━━ Source records ━━
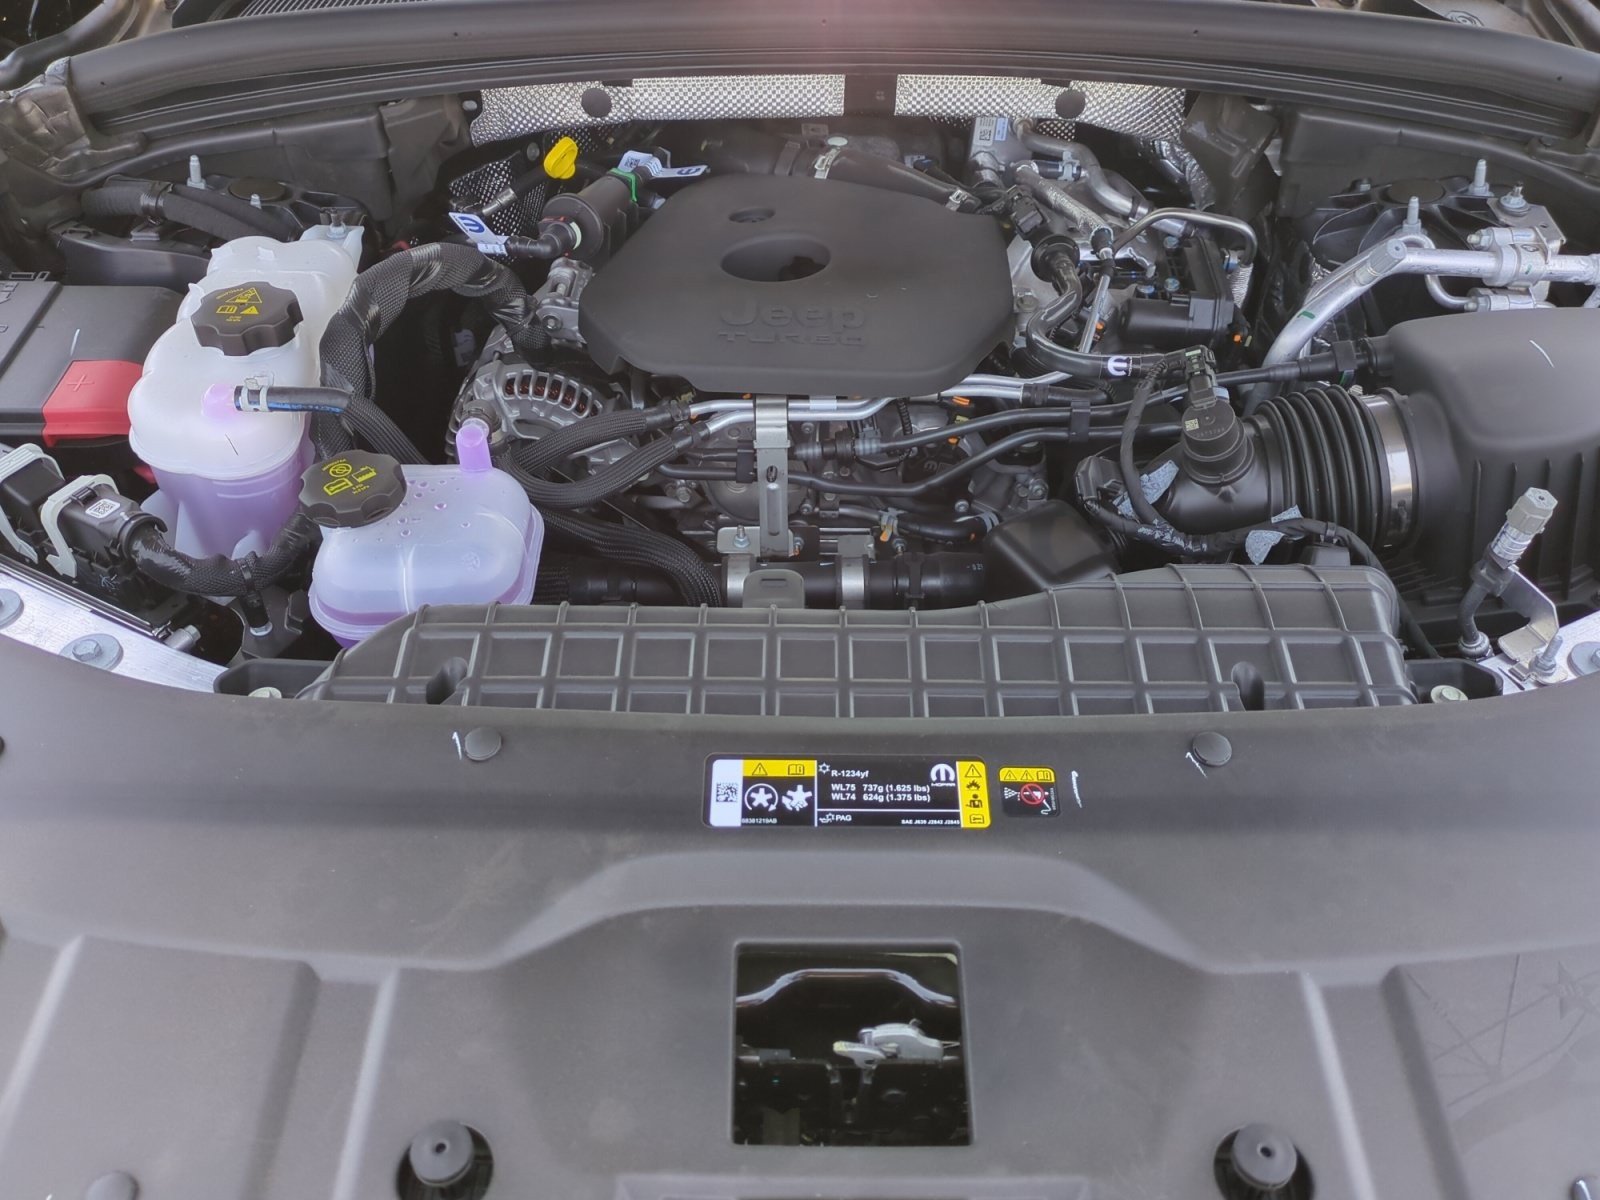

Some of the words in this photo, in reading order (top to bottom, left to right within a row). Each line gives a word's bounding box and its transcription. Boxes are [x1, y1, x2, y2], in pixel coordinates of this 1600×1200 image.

[720, 299, 866, 334] Jeep
[831, 770, 869, 778] R-1234yf
[831, 783, 856, 791] WL75
[862, 784, 884, 793] 737g
[885, 784, 912, 792] (1.625
[913, 784, 930, 793] lbs)
[831, 793, 856, 801] WL74
[862, 794, 884, 802] 624g
[886, 793, 912, 802] (1.375
[914, 794, 931, 802] lbs)
[835, 814, 852, 822] PAG
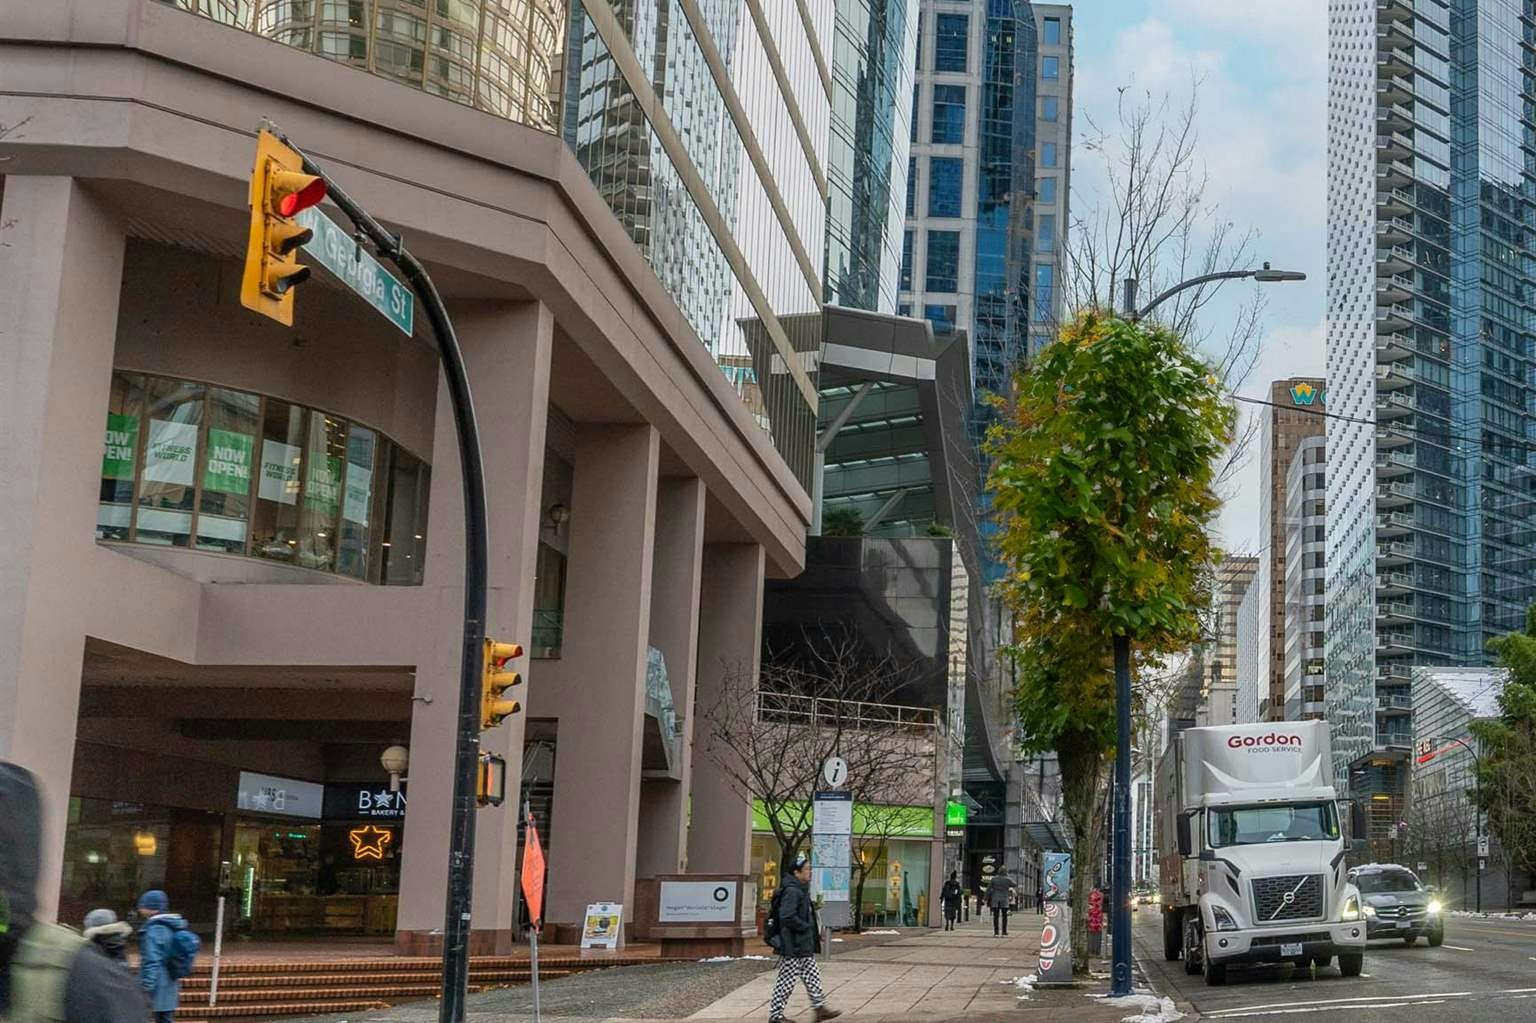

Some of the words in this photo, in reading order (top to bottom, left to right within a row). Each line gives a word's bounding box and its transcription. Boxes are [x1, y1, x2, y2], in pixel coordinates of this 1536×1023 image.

[325, 227, 385, 302] Georgia
[391, 284, 407, 319] St
[104, 430, 129, 446] OW
[104, 446, 132, 461] EN!
[153, 451, 189, 463] WORLD
[213, 445, 246, 464] NOW
[208, 459, 248, 479] OPEN!
[1228, 732, 1302, 748] Gordon
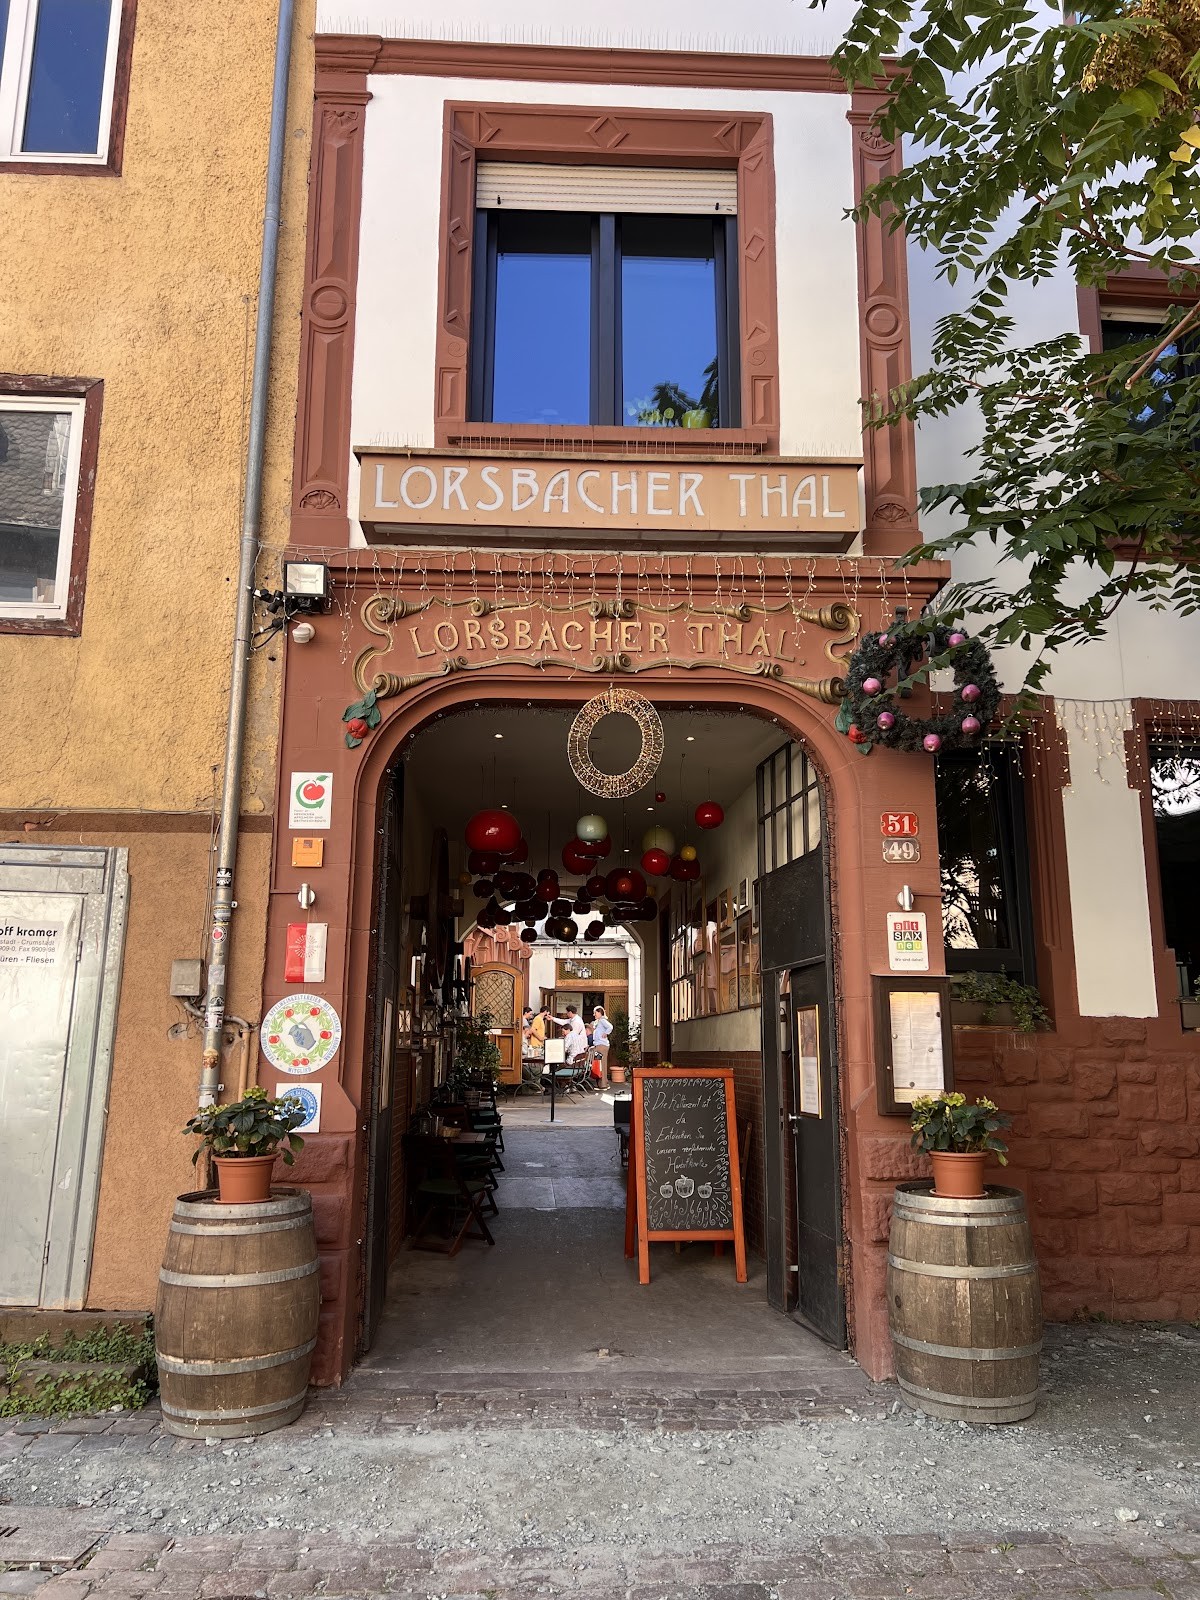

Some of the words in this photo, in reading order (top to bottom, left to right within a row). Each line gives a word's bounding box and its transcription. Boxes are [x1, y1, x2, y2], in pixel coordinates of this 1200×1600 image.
━━━
### What you should do
Transcribe all data precisely. Pictures are not copied.

### Response
Some of the words in this photo, in reading order (top to bottom, left to right within a row). Each line gives a word's bounding box and its transcription. Boxes are [x1, y1, x2, y2], in pixel coordinates of this 1600×1200 image.

[720, 299, 866, 334] Jeep
[831, 770, 869, 778] R-1234yf
[831, 783, 856, 791] WL75
[862, 784, 884, 793] 737g
[885, 784, 912, 792] (1.625
[913, 784, 930, 793] lbs)
[831, 793, 856, 801] WL74
[862, 794, 884, 802] 624g
[886, 793, 912, 802] (1.375
[914, 794, 931, 802] lbs)
[835, 814, 852, 822] PAG

Some of the words in this photo, in reading order (top to bottom, left to right within a row). Each line gives a word's bounding box and its transcription. Boxes are [x1, y1, x2, y2], in pixel coordinates of this 1536×1023 image.

[325, 227, 385, 302] Georgia
[391, 284, 407, 319] St
[104, 430, 129, 446] OW
[104, 446, 132, 461] EN!
[153, 451, 189, 463] WORLD
[213, 445, 246, 464] NOW
[208, 459, 248, 479] OPEN!
[1228, 732, 1302, 748] Gordon

Some of the words in this photo, in reading order (top to bottom, left to right within a row). Each line gives a word's bounding box and its transcription. Boxes are [x1, y1, x2, y2], in pixel coordinates of this 1200×1600 image.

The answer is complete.